Stored dataset items:
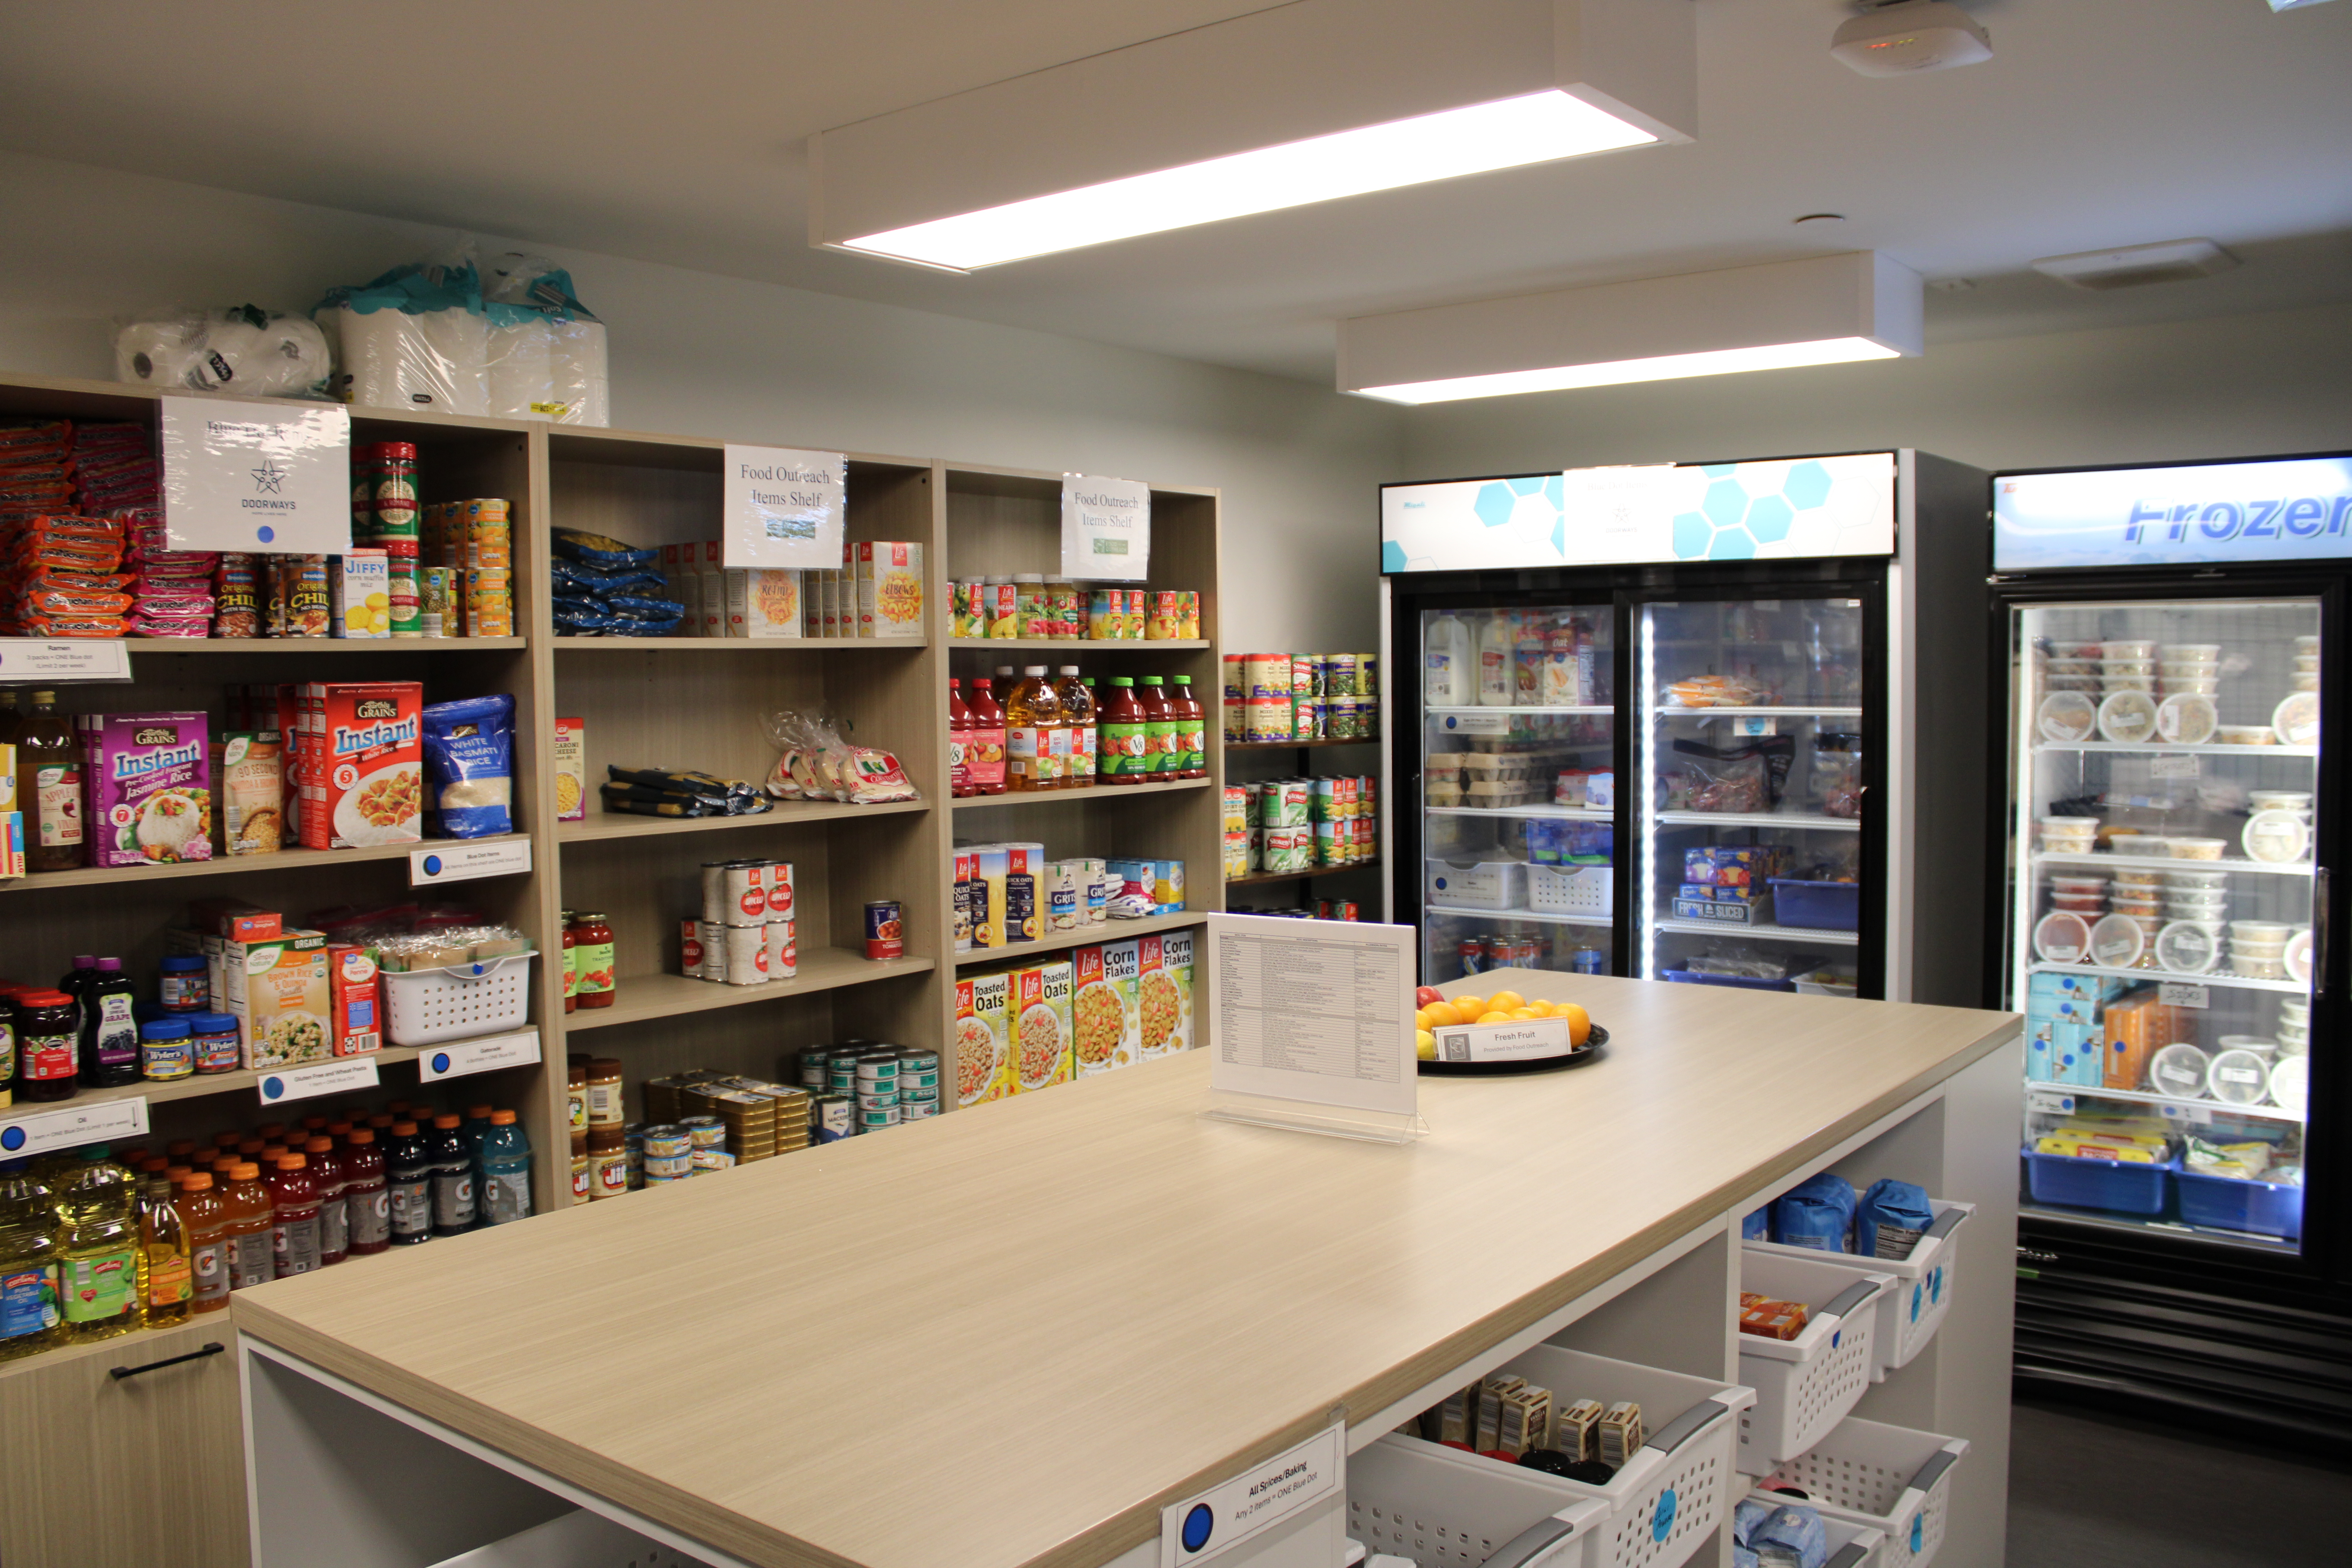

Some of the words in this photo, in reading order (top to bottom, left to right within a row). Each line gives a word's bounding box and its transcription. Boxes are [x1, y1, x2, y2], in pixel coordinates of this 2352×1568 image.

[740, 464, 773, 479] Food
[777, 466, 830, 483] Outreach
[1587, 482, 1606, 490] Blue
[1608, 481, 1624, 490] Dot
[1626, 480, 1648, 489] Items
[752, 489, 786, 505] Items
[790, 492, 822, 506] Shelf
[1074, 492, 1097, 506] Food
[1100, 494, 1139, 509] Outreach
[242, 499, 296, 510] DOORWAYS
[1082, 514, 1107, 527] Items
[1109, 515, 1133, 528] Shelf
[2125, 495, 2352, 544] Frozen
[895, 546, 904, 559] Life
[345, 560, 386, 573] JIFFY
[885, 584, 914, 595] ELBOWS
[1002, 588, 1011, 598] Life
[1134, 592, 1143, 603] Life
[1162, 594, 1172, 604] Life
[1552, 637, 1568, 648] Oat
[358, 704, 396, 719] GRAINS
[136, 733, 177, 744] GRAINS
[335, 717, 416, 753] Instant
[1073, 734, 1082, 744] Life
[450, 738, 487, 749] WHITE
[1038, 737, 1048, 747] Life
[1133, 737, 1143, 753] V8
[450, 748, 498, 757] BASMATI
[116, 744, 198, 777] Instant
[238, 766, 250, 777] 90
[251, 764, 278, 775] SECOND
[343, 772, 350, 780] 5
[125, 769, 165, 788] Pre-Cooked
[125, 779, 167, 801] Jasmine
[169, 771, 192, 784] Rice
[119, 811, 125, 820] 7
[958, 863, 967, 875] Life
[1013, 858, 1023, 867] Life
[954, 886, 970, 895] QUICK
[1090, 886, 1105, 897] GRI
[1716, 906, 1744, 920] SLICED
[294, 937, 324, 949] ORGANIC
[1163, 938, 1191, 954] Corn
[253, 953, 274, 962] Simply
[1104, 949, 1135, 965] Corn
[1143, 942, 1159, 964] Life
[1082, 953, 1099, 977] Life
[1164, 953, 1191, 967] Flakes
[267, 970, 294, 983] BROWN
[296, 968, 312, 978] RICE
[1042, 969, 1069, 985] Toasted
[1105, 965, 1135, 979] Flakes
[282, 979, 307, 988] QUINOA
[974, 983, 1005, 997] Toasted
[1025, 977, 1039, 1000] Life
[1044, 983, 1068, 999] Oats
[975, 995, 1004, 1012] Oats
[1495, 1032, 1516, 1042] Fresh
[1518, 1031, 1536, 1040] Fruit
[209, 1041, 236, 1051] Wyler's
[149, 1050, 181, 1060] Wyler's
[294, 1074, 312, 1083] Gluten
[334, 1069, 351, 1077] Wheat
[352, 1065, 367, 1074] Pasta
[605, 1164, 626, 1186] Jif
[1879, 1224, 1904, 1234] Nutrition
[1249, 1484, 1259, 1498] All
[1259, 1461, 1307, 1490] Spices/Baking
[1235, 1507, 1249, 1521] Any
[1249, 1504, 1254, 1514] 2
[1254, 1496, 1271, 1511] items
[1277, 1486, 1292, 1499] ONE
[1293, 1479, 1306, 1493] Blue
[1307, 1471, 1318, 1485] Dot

WHAT TO PRODUCE
Here the job is to print all the data exactly, skipping any image.

ANSWER SECTION
Some of the words in this photo, in reading order (top to bottom, left to right within a row). Each line gives a word's bounding box and its transcription. Boxes are [x1, y1, x2, y2], in pixel coordinates of this 2352×1568 image.

[740, 464, 773, 479] Food
[777, 466, 830, 483] Outreach
[1587, 482, 1606, 490] Blue
[1608, 481, 1624, 490] Dot
[1626, 480, 1648, 489] Items
[752, 489, 786, 505] Items
[790, 492, 822, 506] Shelf
[1074, 492, 1097, 506] Food
[1100, 494, 1139, 509] Outreach
[242, 499, 296, 510] DOORWAYS
[1082, 514, 1107, 527] Items
[1109, 515, 1133, 528] Shelf
[2125, 495, 2352, 544] Frozen
[895, 546, 904, 559] Life
[345, 560, 386, 573] JIFFY
[885, 584, 914, 595] ELBOWS
[1002, 588, 1011, 598] Life
[1134, 592, 1143, 603] Life
[1162, 594, 1172, 604] Life
[1552, 637, 1568, 648] Oat
[358, 704, 396, 719] GRAINS
[136, 733, 177, 744] GRAINS
[335, 717, 416, 753] Instant
[1073, 734, 1082, 744] Life
[450, 738, 487, 749] WHITE
[1038, 737, 1048, 747] Life
[1133, 737, 1143, 753] V8
[450, 748, 498, 757] BASMATI
[116, 744, 198, 777] Instant
[238, 766, 250, 777] 90
[251, 764, 278, 775] SECOND
[343, 772, 350, 780] 5
[125, 769, 165, 788] Pre-Cooked
[125, 779, 167, 801] Jasmine
[169, 771, 192, 784] Rice
[119, 811, 125, 820] 7
[958, 863, 967, 875] Life
[1013, 858, 1023, 867] Life
[954, 886, 970, 895] QUICK
[1090, 886, 1105, 897] GRI
[1716, 906, 1744, 920] SLICED
[294, 937, 324, 949] ORGANIC
[1163, 938, 1191, 954] Corn
[253, 953, 274, 962] Simply
[1104, 949, 1135, 965] Corn
[1143, 942, 1159, 964] Life
[1082, 953, 1099, 977] Life
[1164, 953, 1191, 967] Flakes
[267, 970, 294, 983] BROWN
[296, 968, 312, 978] RICE
[1042, 969, 1069, 985] Toasted
[1105, 965, 1135, 979] Flakes
[282, 979, 307, 988] QUINOA
[974, 983, 1005, 997] Toasted
[1025, 977, 1039, 1000] Life
[1044, 983, 1068, 999] Oats
[975, 995, 1004, 1012] Oats
[1495, 1032, 1516, 1042] Fresh
[1518, 1031, 1536, 1040] Fruit
[209, 1041, 236, 1051] Wyler's
[149, 1050, 181, 1060] Wyler's
[294, 1074, 312, 1083] Gluten
[334, 1069, 351, 1077] Wheat
[352, 1065, 367, 1074] Pasta
[605, 1164, 626, 1186] Jif
[1879, 1224, 1904, 1234] Nutrition
[1249, 1484, 1259, 1498] All
[1259, 1461, 1307, 1490] Spices/Baking
[1235, 1507, 1249, 1521] Any
[1249, 1504, 1254, 1514] 2
[1254, 1496, 1271, 1511] items
[1277, 1486, 1292, 1499] ONE
[1293, 1479, 1306, 1493] Blue
[1307, 1471, 1318, 1485] Dot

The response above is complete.